と今さら人に聞けないような質問よりも口に出せないくらいの質問を、それでも知りたくて口にする。
インターネットは優しく教えてくれるし、無知を開き直って人に聞くくらいの度胸くらいはある。

数か月前にヒロトのライブ映像をYouTubeで見たときにドキドキして固まってしまったあの状況と同じようなものか、もしくはまた種類の違う揺さぶられ方か、どちらでもいいからもう少し音に求めてみたいと思う。
そうしていると、たぶんとてつもなく大きな憂い、のようなものにもぶち当たる気もする。
赤剥けの皮膚は触ると痛いんだろうと想像できるけれど、もしそれを誰かと共有するのであれば、思いやりと優しさをもって素直でありたいと思う。

今私の部屋にはスピーカーが数年前に買ったノートPCしかない。
音の良し悪しなんて私にはわからない、と思っていたのだが、そうでもないことにちょっとだけ不満を覚え始めてしまっている。
しかしどれを、どのレベルを買っていいのかが全くもってわからない。
これは値段と大きさとレベルと、様々すぎてインターネットは優しく教えてくれない。

とりあえず仕方がないからiPodをイヤホンにつないで流す。
今日はブルーハーツでもハイロウズでもクロマニヨンズでもエレカシでもなく。
青さや強さや熱でなく、憂いたっぷりなPVの映像とリンクして音が消せない。
どうしても、消せない。
音だけを先に聞いていたとしたら私はもしかすると立ち止まることがなかったかもしれない音楽。
私にもたらしている感覚が何かも説明ができないし消化もできない。
してやられているとしても、笑えない。


書道もお花も言葉も色も映画も音楽も、揺さぶられたい私がかき集めるもの。
一通りのかき集めた感が持てたら、やってみたいことがある。

毎日ひとつ以上、桃が花開いていく。
おめでたそうな、自己顕示欲が強そうな、暗闇でもそれがピンクだとわかりそうな、そんなピンク色。
木に通っている血はピンク色かもしれない。

思いがけず、というか花屋さんでこの花はどう散るかということを想像していない、はらはらと花びら散るものだから、花瓶から大きく扇状に伸びた枝々に少しでも触れると、床に花びらが散らばってしまう。

今年はスギ花粉が飛ぶのが随分遅い。
このまま冬の寒さが続いて、面を裏返したように夏が来るのであれば、この寒さもありかなと思う。



忠実な犬

2012-02-26 23:33:20 | 日記
桃の枝と雪柳と菜の花の入った縦長のビニール袋を持って、友人とレストランに向かう。
桃の枝はたくさんのはじけそうな蕾をつけている。

ロックに心揺さぶられっぱなしの私たちは、こじゃれたレストランで、会話の8割を「ヒロトとマーシー」の話に費やした。
こじゃれたレストランの店員は、料理の説明をする隙を与えず二人の世界に行ってしまっているおかしなテーブルに困惑していた。
ブルーハーツのアルバムを貸してくれた彼女。
私はその後ハイロウズに進んで、彼女にハイロウズを猛烈に勧めた。

はっきり言って、ほとんど何を食べたのか記憶にない。
一緒にいた彼女が飲んでいたのはノンアルコールビールだったのに、私たちは傍から見ればひどく酩酊状態だったろうと思う。

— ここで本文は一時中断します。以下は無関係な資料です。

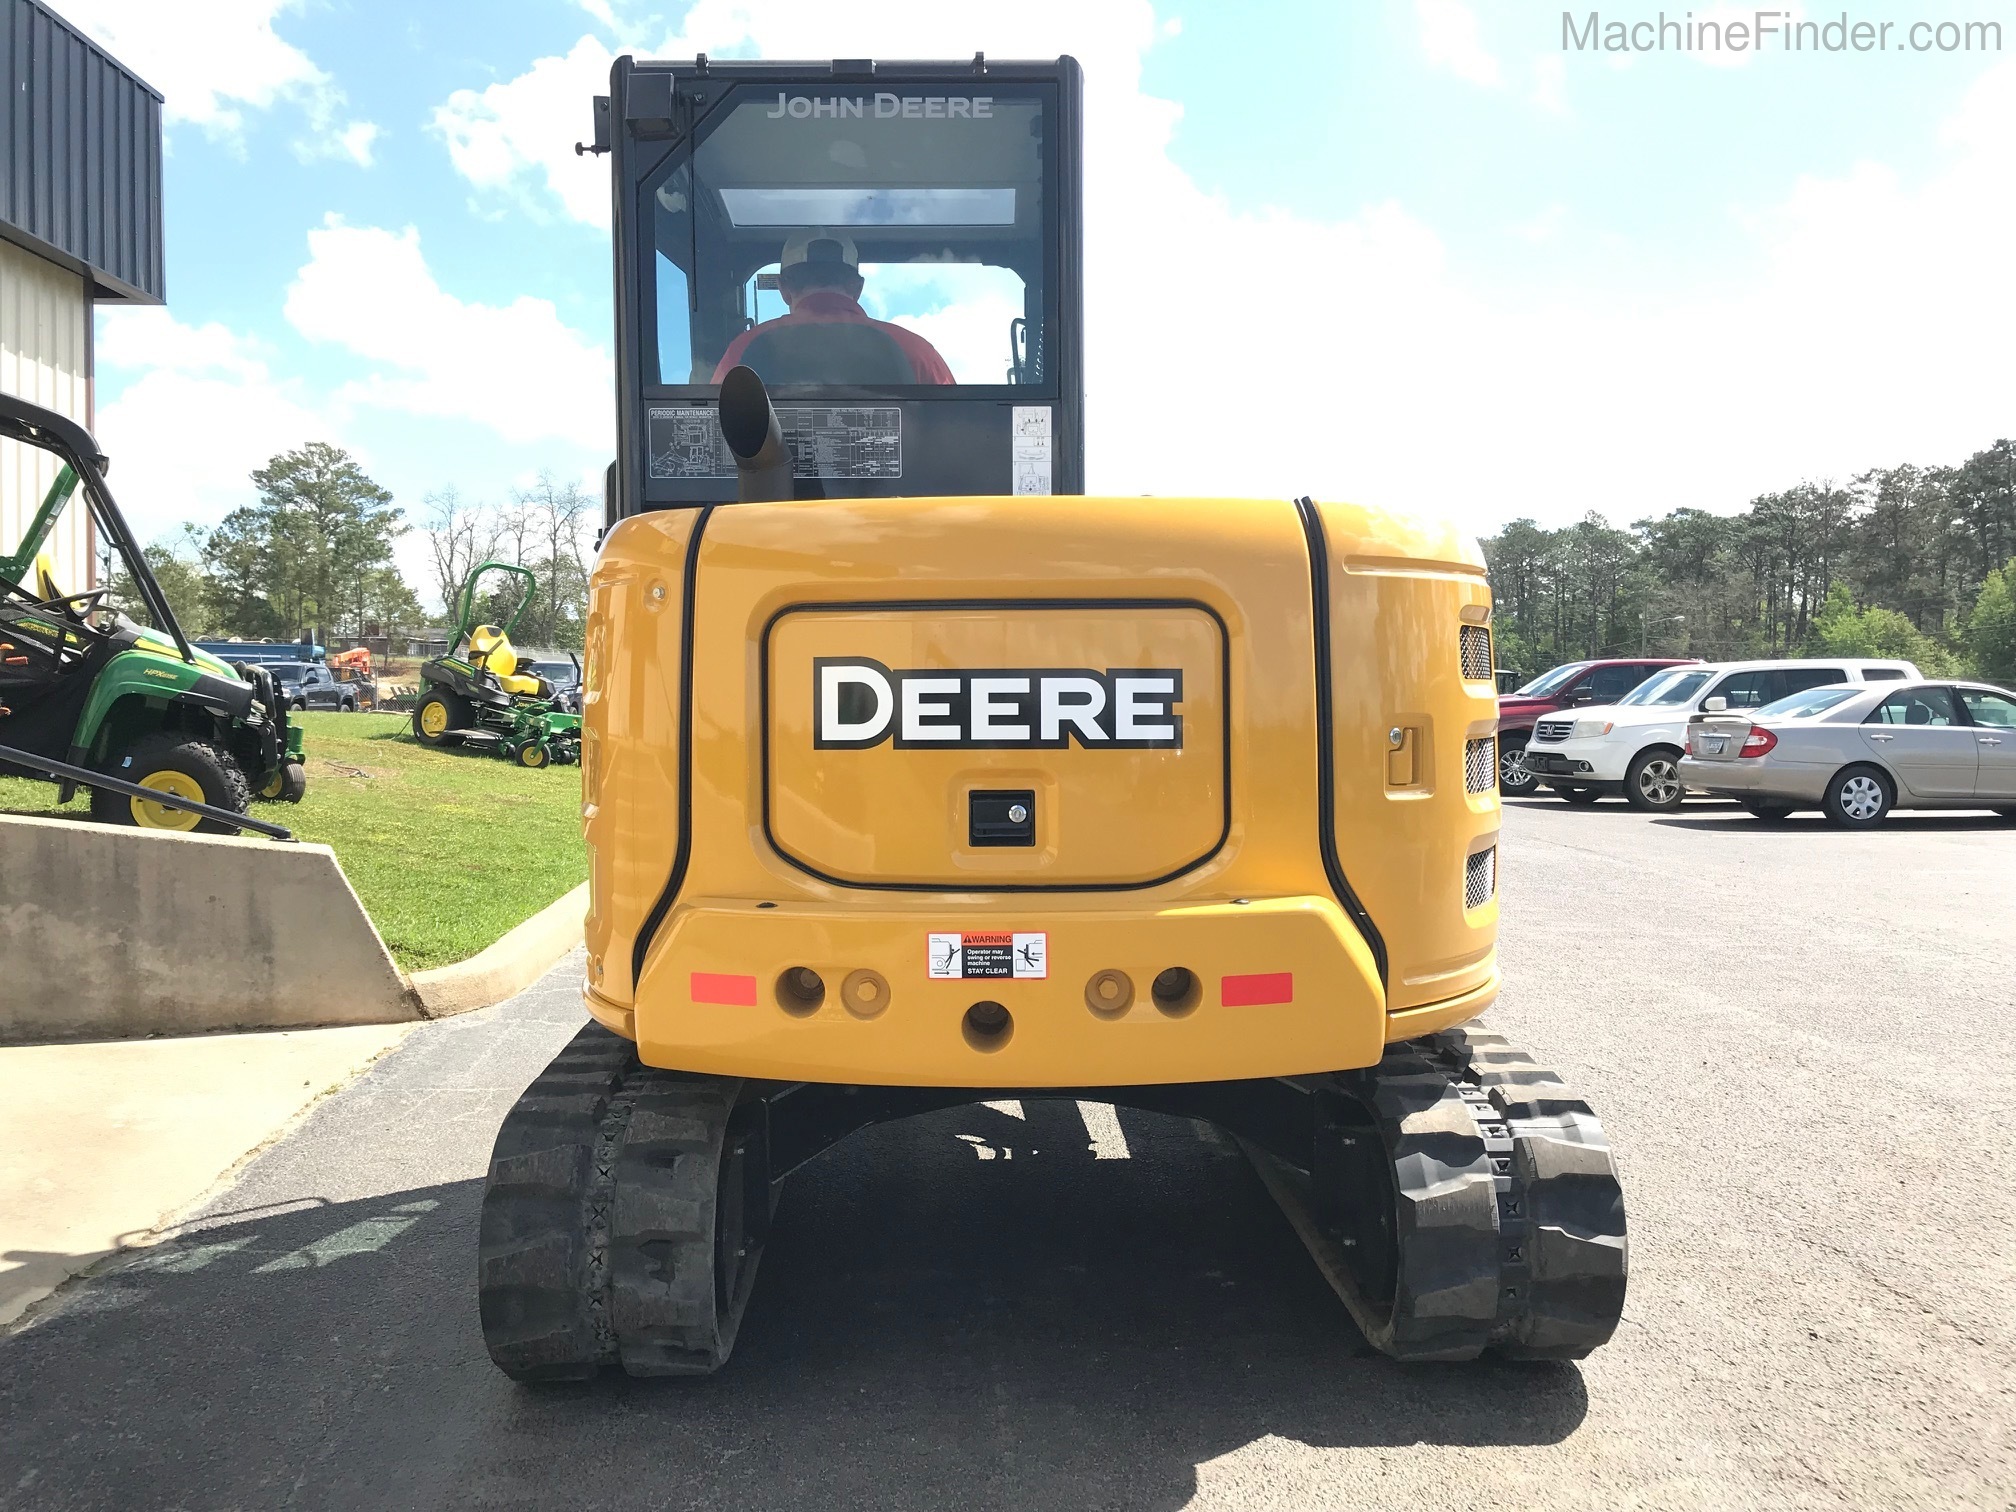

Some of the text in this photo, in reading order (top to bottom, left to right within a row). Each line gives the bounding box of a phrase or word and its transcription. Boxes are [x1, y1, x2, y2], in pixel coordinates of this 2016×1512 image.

[766, 92, 994, 119] JOHN DEERE
[819, 662, 1177, 743] DEERE
[971, 935, 1012, 943] WARNING

ヒロトは私が一人のときも十分に楽しませてくれるけれど、同じように共鳴している誰かとそれを共有するのはハイレベルなエクスタシーだ。
「幸せを幸せだとそのときに認識して味わうことができる」ことは、あのときは幸せだったと振り返ってそう思うよりもずっと幸せだと思う。
自分のことは自分で負う、だから、興奮したい、笑いたい。

お酒のせいでもなく、体は発熱していて、熱い体のままカラオケにまで行ってしまう。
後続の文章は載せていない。